Вообще я друзей никогда не предаю.
— Как вам удается дружить с теми, кто в Большом между собой всегда враждовал?
— Вишневская знает, что я дружу с Образцовой. Образцова тоже в курсе, что я дружу с Вишневской. Но я никогда ни ту, ни другую не подводила в жизни. Галина не ревнует меня, хотя могла из-за того, что я дружу с Леной, порвать наши отношения.
— У актрис драматического театра, мягко говоря, не всегда удачно складывается личная жизнь. Интересно, в этом смысле личная жизнь оперных певиц отличается от жизни драматических?
— Драматические артисты, как правило, влюбляются в тех, с кем играют. У них киносъемки, спектакли, партнеры меняются. А оперные… У нас строгий режим и главное все-таки голос. Мы не свободны в отличие от них.

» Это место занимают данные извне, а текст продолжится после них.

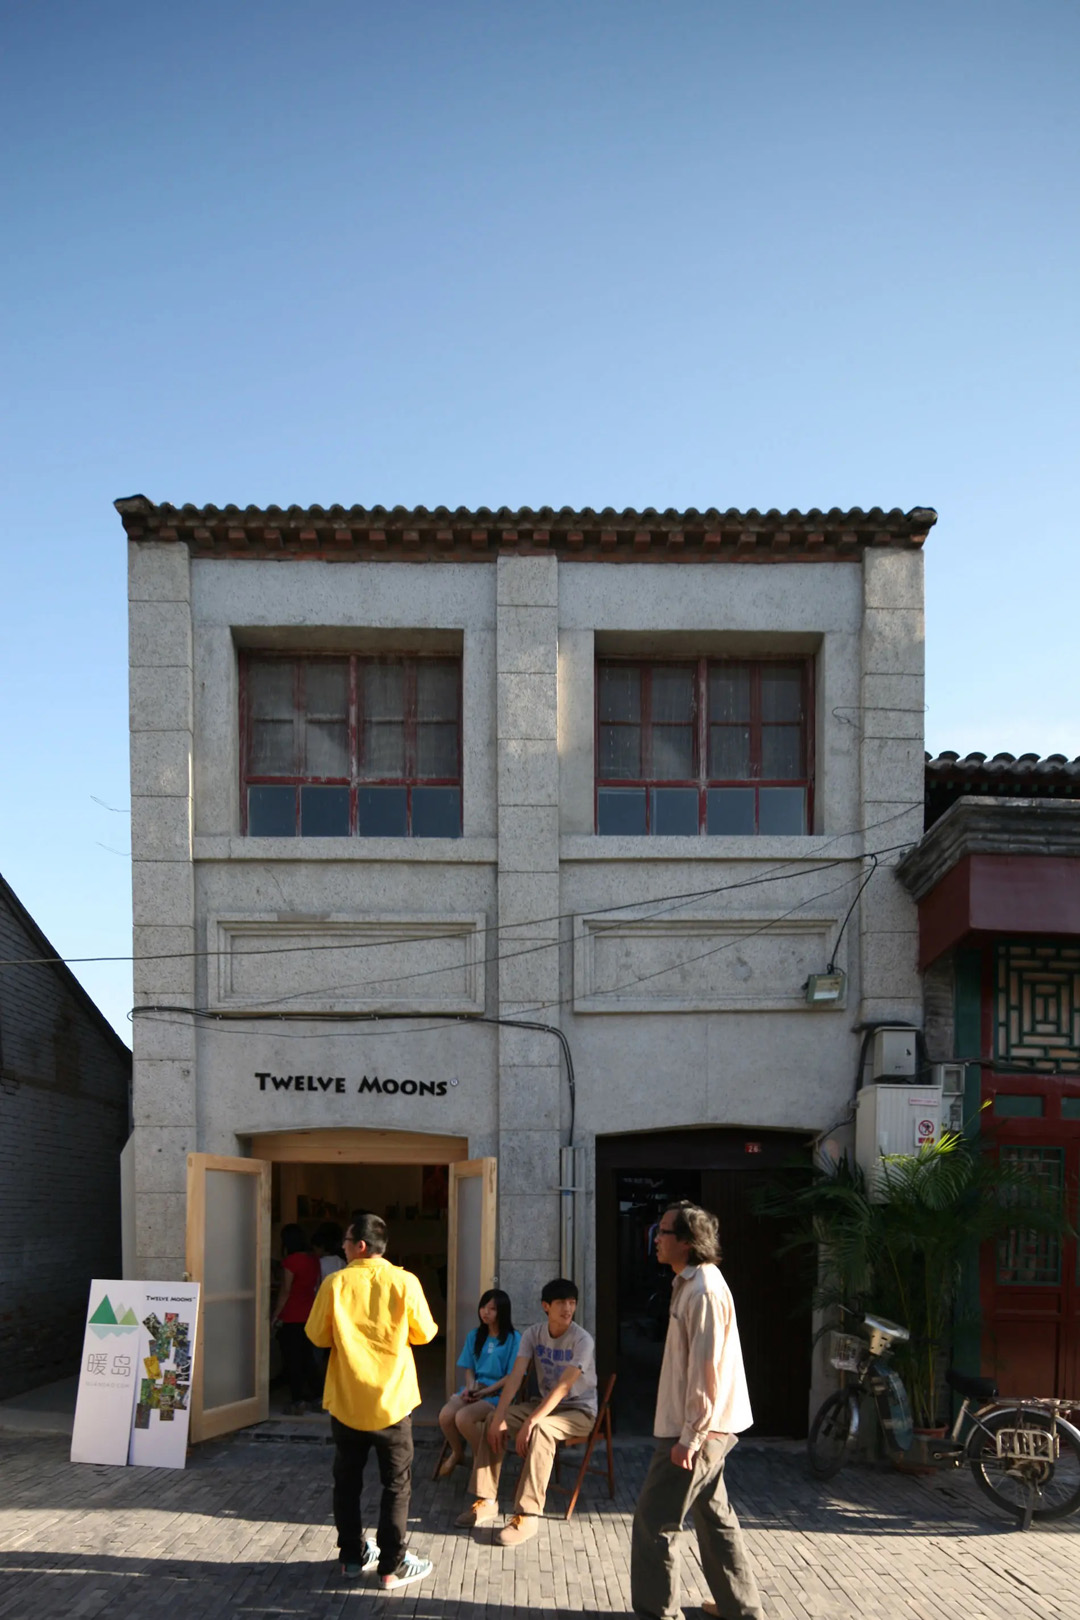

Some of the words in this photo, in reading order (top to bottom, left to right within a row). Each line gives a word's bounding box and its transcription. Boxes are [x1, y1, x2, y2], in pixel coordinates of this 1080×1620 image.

[254, 1072, 346, 1093] TWELVE
[358, 1075, 448, 1096] MOONS
[87, 1353, 131, 1377] 暖岛
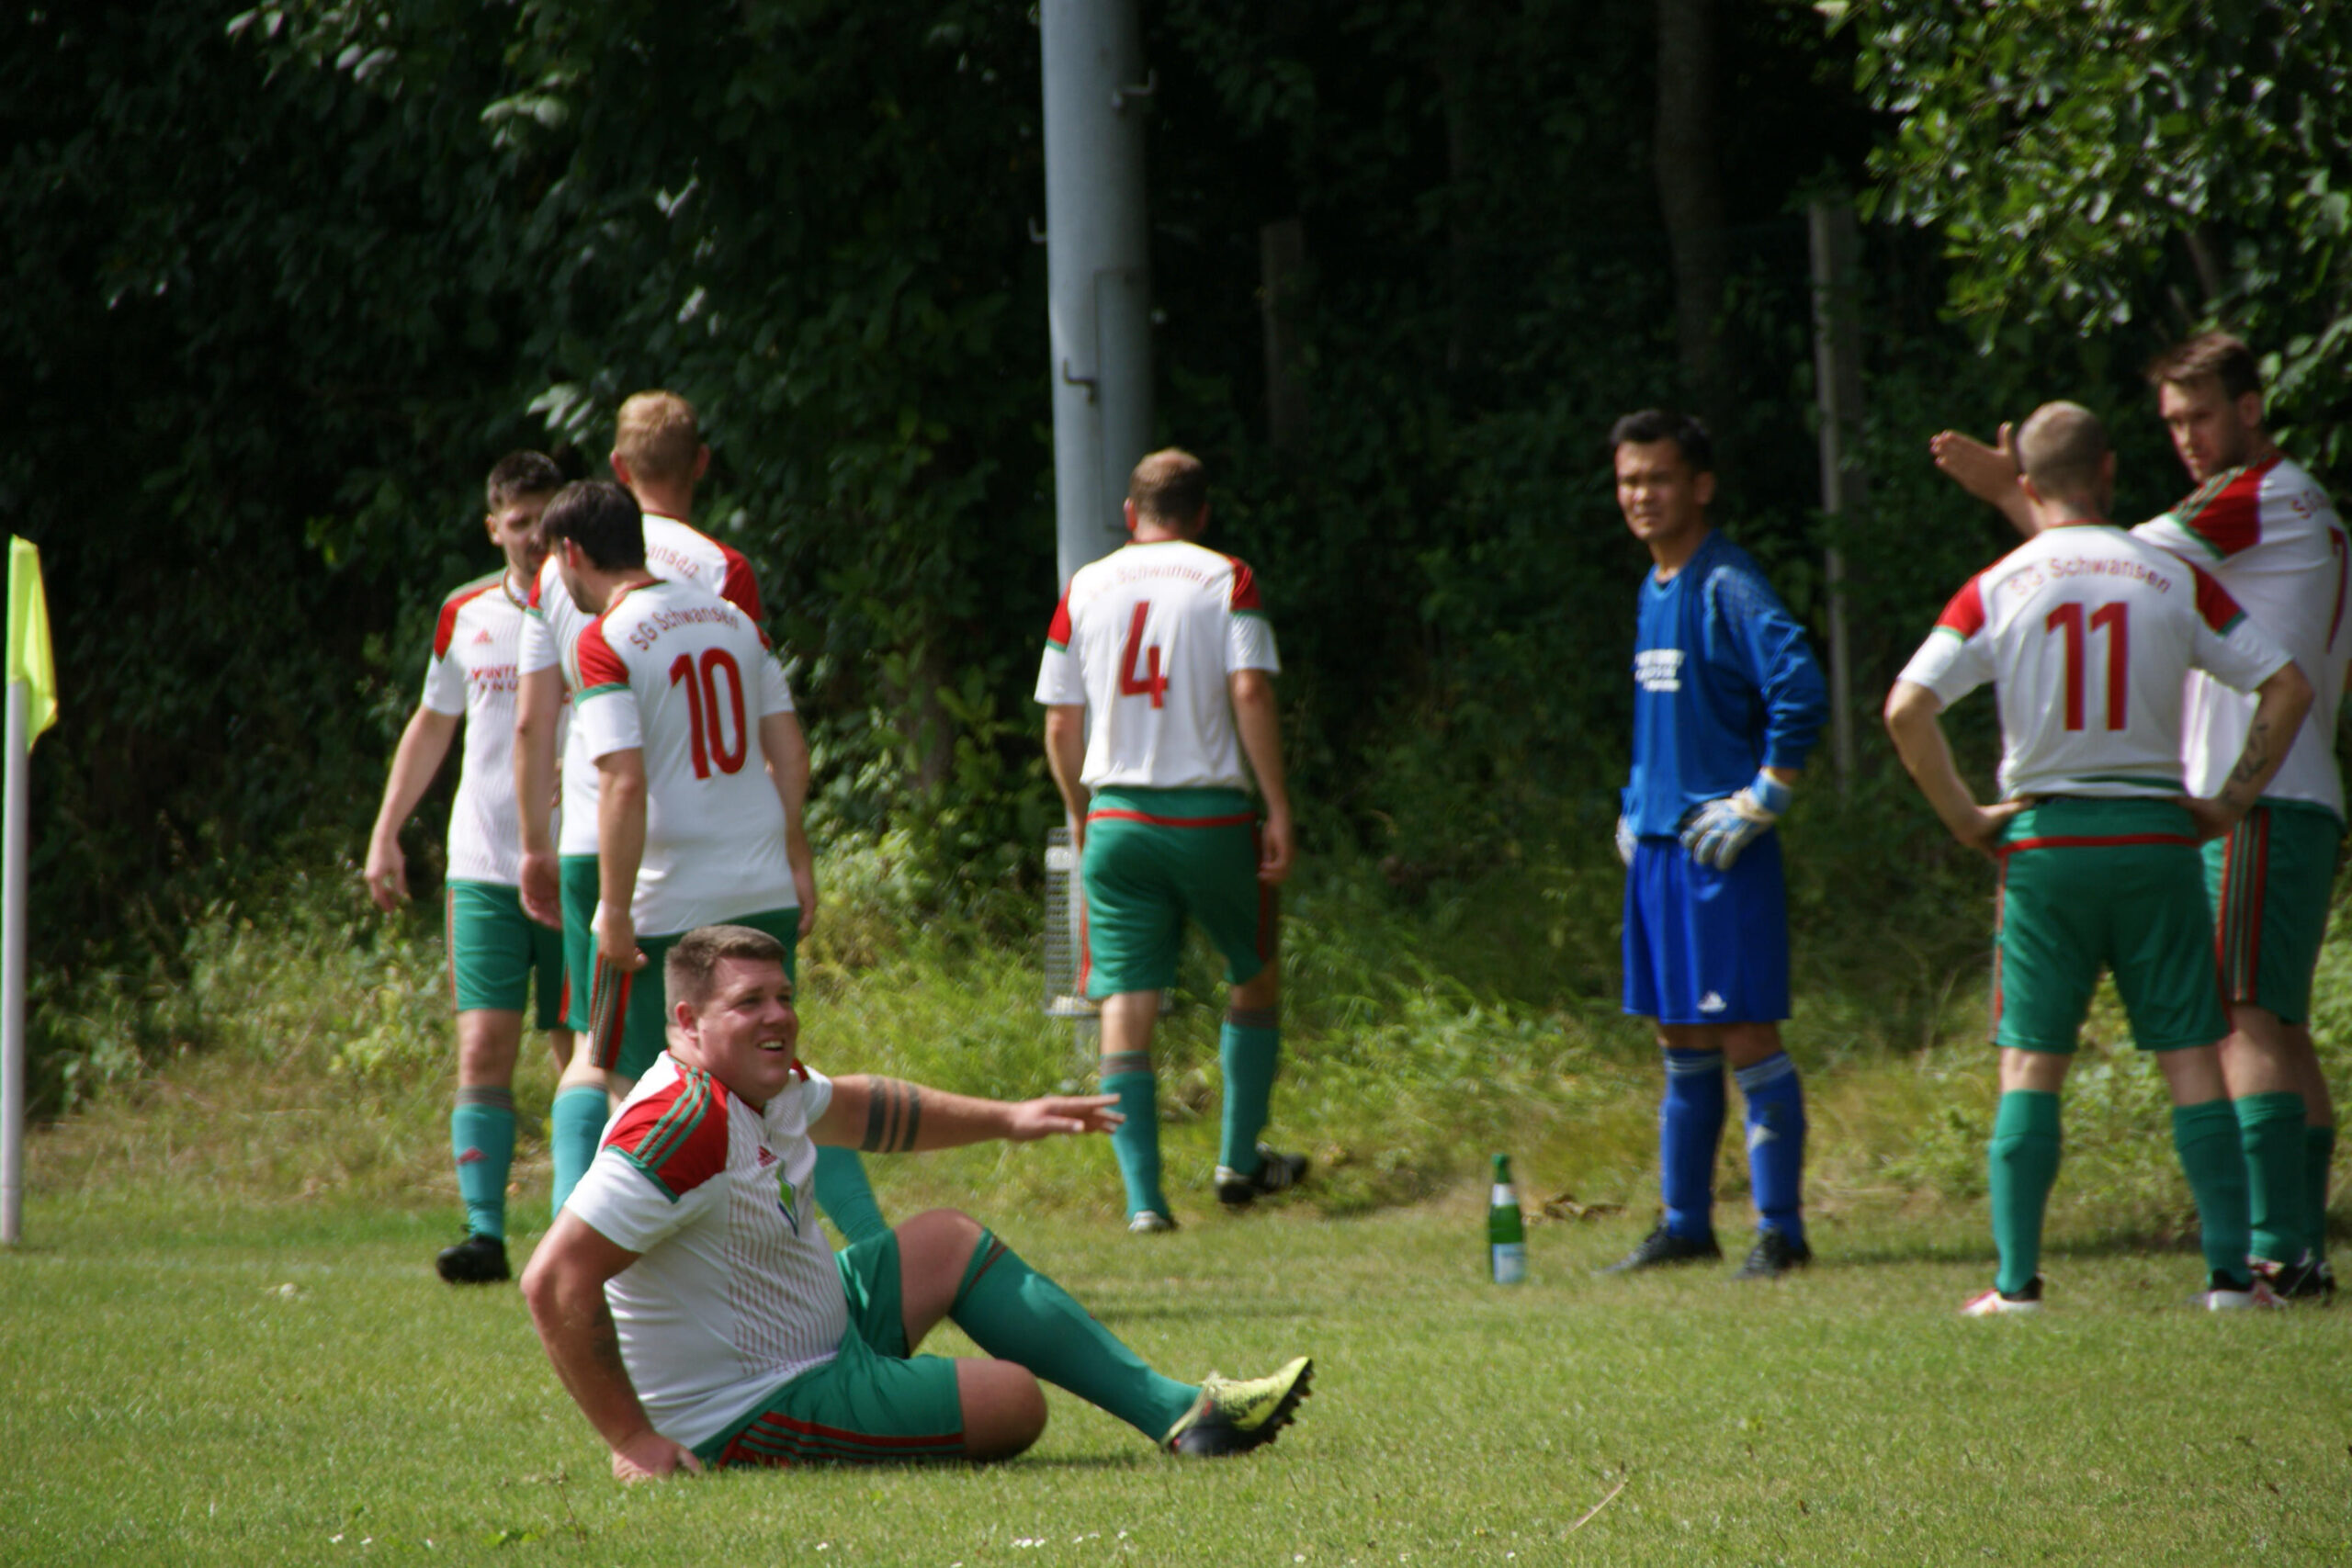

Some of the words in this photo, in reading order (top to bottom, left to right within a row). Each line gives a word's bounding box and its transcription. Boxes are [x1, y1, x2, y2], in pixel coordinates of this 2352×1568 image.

[2049, 556, 2171, 593] Schwansen
[629, 622, 658, 651] SG
[1120, 600, 1169, 709] 4
[2045, 602, 2129, 731] 11
[670, 648, 747, 779] 10

— То есть вы хотите сказать, что голос вносит ограничения в личную жизнь?
— Да, конечно.
— Например, нельзя целоваться на морозе…
— Ну да. Смешно. Бывает… Но есть примеры оперных пар — вот испанец Аланья, тенор, и румынка Георгиу, сопрано — знаменитая пара. Они познакомились, когда вместе пели, и так полюбили друг друга. Но… два певца в доме — это очень трудно. Каждый занят своим голосом. И кто-то должен жертвовать собой.
— Милашкина и Атлантов — тоже крепкий союз.

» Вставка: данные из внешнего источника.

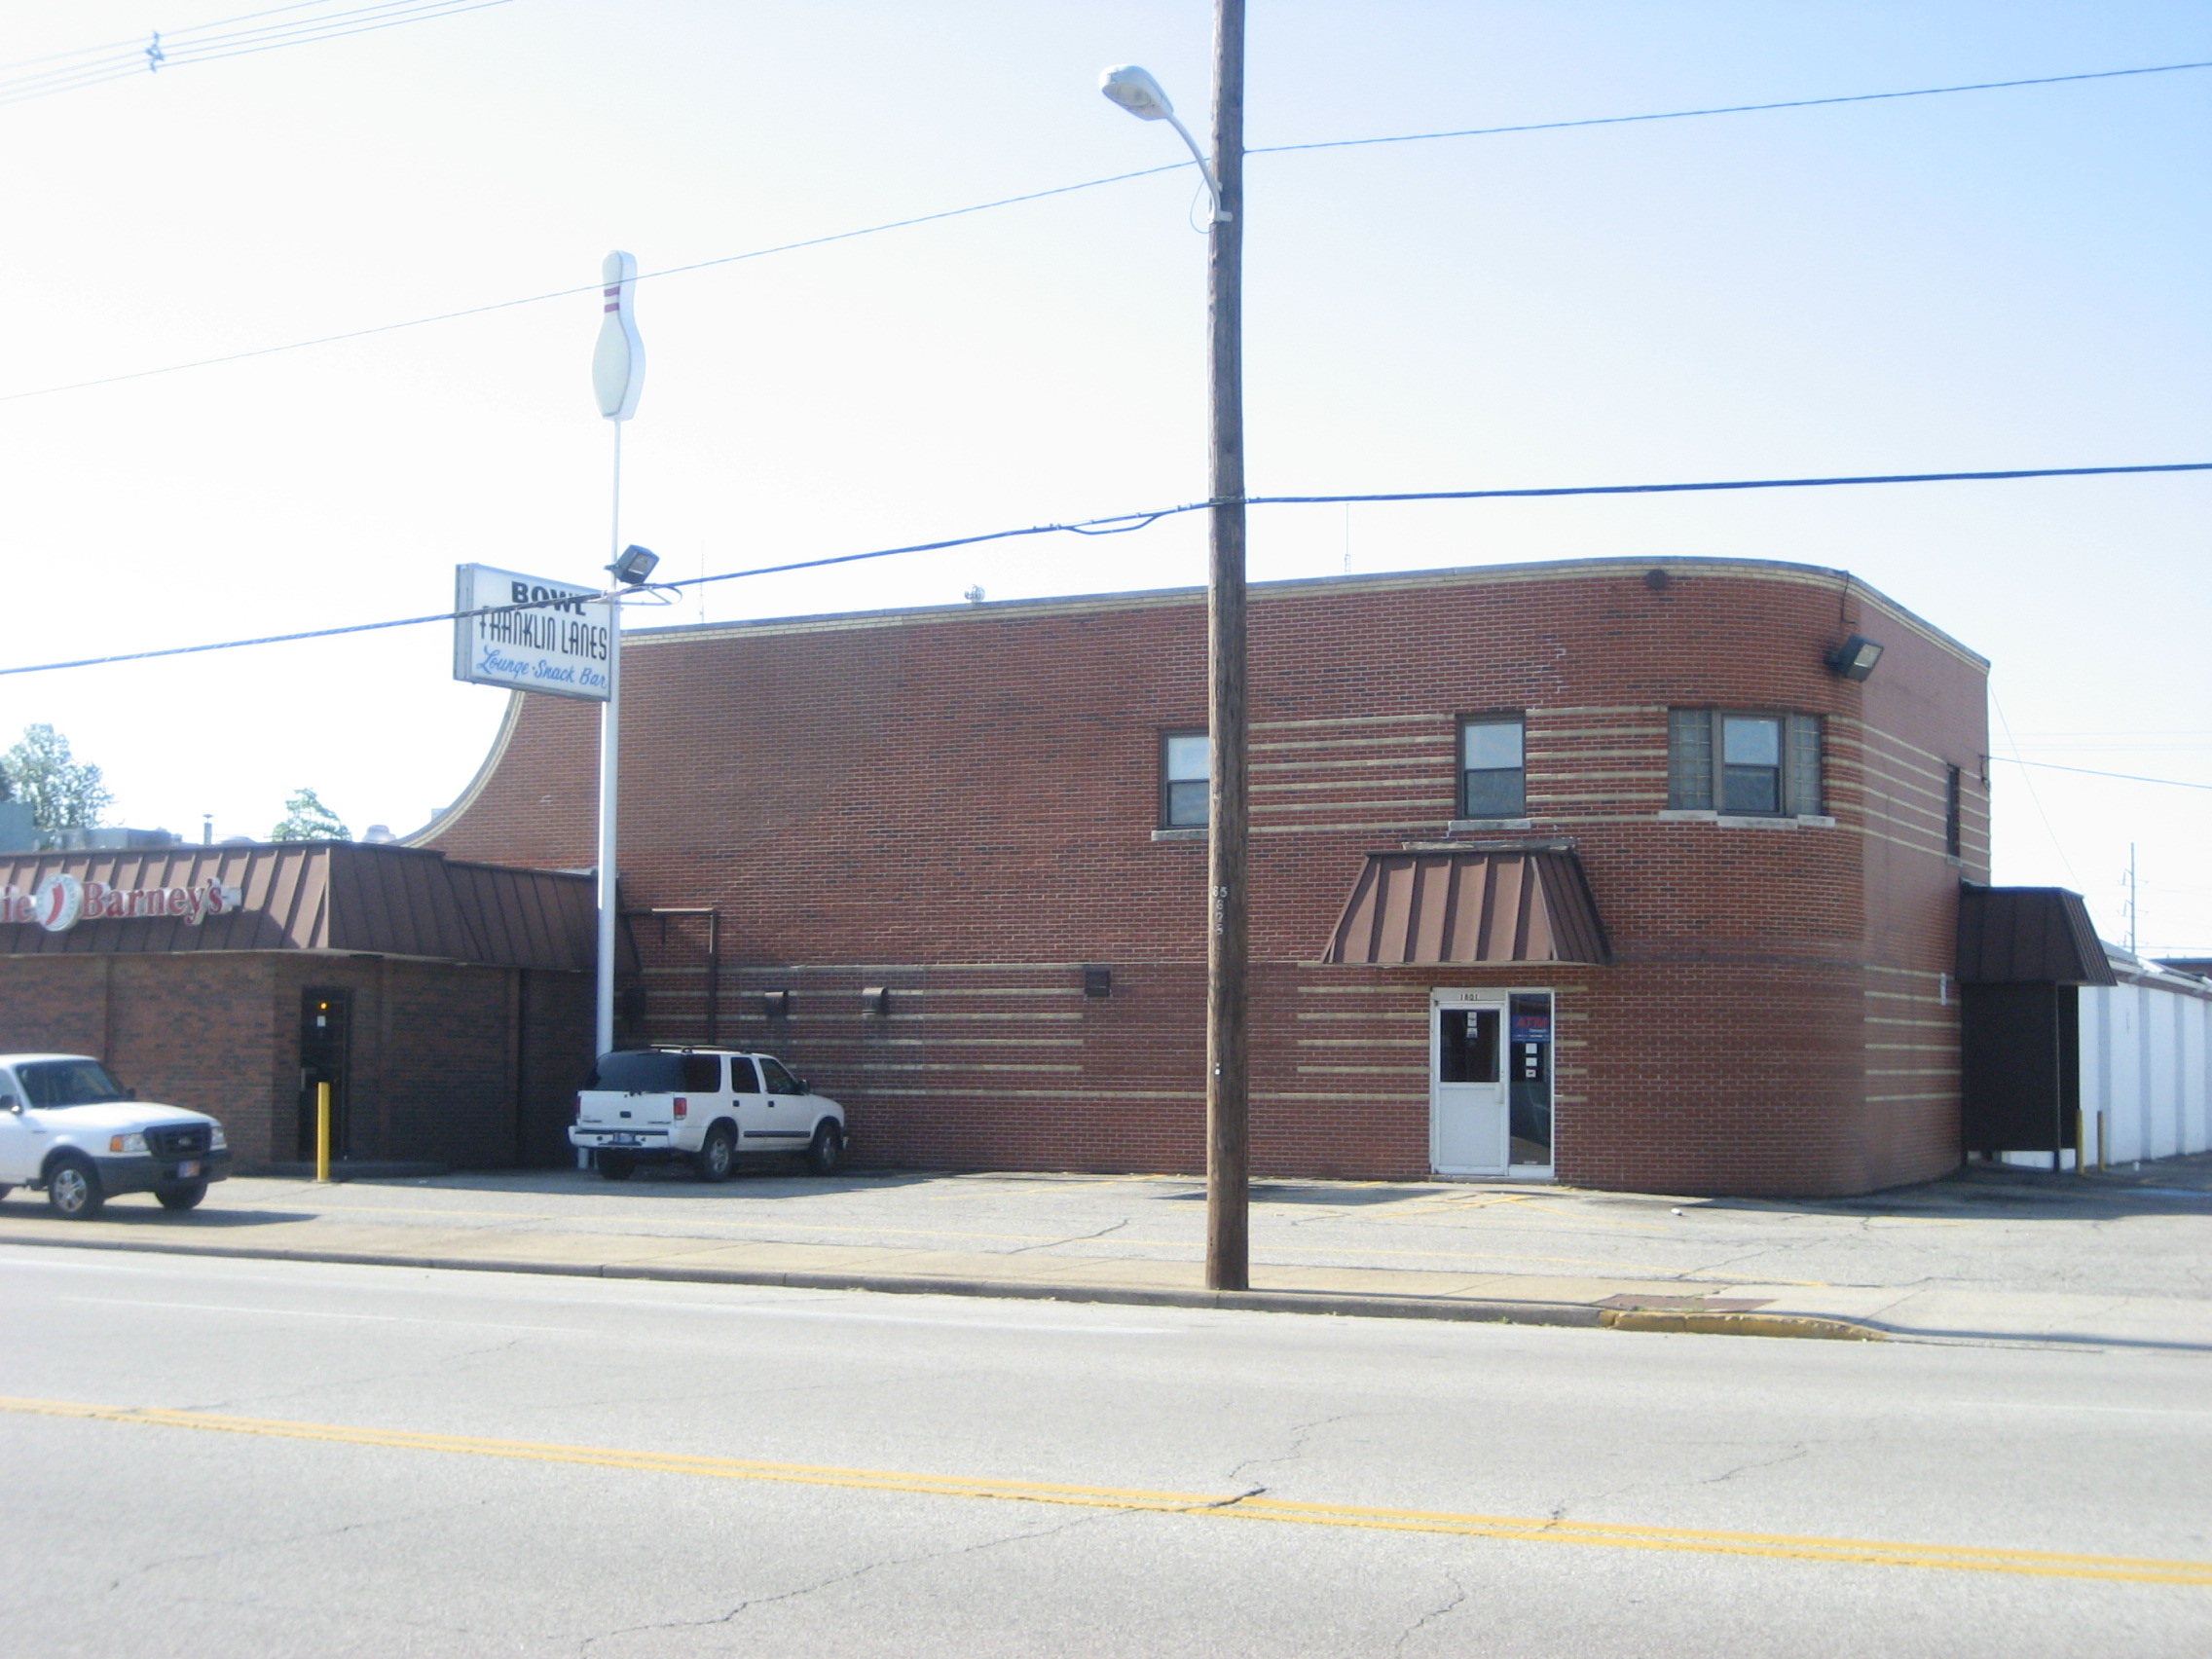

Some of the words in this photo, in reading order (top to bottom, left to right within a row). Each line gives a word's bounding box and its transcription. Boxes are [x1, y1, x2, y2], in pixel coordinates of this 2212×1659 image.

[512, 581, 586, 615] BOWL
[480, 607, 556, 651] FRANKLIN
[562, 620, 608, 660] LANES
[477, 645, 529, 680] Lounge
[535, 660, 575, 683] Snack
[579, 668, 607, 689] Bar
[83, 878, 222, 924] Barney's
[1516, 1016, 1549, 1028] ATM

— Да, можно сказать, что в свое время ради Атлантова Милашкина жертвовала своей карьерой. Хотя Тамара была состоявшейся певицей, но тенор — это такой, знаете, голос, он требует к себе больше внимания и заботы. Тамара делала все, лишь бы ему было хорошо. Даже в день своего спектакля она могла заниматься хозяйством, готовить для него и так далее…
— А вы бы так могли?
— Наверное, нет. Но так говорю — «наверное», — потому что у меня не было в жизни такого случая. Все-таки я вам могу сказать, что ради любви не смогла бы жертвовать своим любимым делом, своей карьерой. Потому что фактически это единственное, что у меня есть. Может быть, поэтому я без семьи. Но, возможно, это эгоизм.
— Странно, но вы не похожи ни на смелую женщину, ни на законченную эгоистку. Значит, столько лет вы морочили публике голову?
— Да… Хотя у меня есть друг, и он не певец.
— Интересно, сколько длится оперная партия на протяжении всего спектакля? Кто-нибудь пытался это подсчитать?
— По-разному. Чистого пения может быть сорок минут, а может — полтора часа. Это очень много — как недельная работа у станка. За спектакль можно похудеть на два килограмма, и я худею… если потом не добавляю. Есть певцы, которые съедают, например, бутерброд в антракте, потому что, когда поешь, чувствуешь голод. А я за семь часов до спектакля должна поесть, и все.
— В день спектакля молчите?
— Молчу, конечно. Говорю, но так немного, по необходимости. Вообще лучше два дня молчать перед спектаклем, потому что разговор — это самое ужасное для связок.
— А зима для связок — это смертельно?
— Смертельно, когда резкие перепады погоды или резкие выбросы на Солнце.
— И алкоголь?
— Очень влияет. Если я выпью красного вина или шампанского, то всё: на три дня выключена из жизни — как будто и голоса не было. Хотя говорят, что итальянские певцы в день спектакля обязательно пропускают бокал красного вина. Я удивляюсь: ведь вино так сушит горло…
— А это правда, что на Западе, когда у певиц критические дни, спектакль отменяется?
— Ну что вы! Это у нас в Большом работают за зарплату, а там — по контрактам. Вообще-то наша опера более гуманная: нам полагается три дня не петь. Как говорят врачи, в такие дни связки набухают, теряют эластичность. На Западе нашли способ борьбы с этим — певицы пьют мочегонное. В противном случае, если форсировать звук, а голос в эти дни очень садится, может быть кровоизлияние связок. Меня в театре всегда просят: «Дайте нам ваш параграф». Это значит, я должна назвать дни.
— А вы можете позвонить и отменить спектакль?
— Конечно, есть несколько составов. Но обычно я этого не делаю.
— Вы часто повторяете, что терпеть не можете партии голубых героинь…
— Да, я не люблю петь голубых героинь. Вот злодейки — это все мое. Ведь я же пою у Гергиева в «Лоэнгрине» Ортруду — злодейка хуже не бывает. Амнерис из «Аиды» — ангел по сравнению с ней.
— Может, у вас скрытые злодейские качества и Маквала — добродетель — это только миф Большого театра?
— Может быть… Возможно, чего мне не хватает в жизни, я имею возможность попробовать на сцене. В жизни иногда бывают такие случаи, когда готова выплеснуть гнев или возмущение, но так как я очень сдержанна, то крайне редко у меня такой выплеск случается. Когда все накапливается внутри, то, наверное, сублимируется в таких ролях, как Ортруда.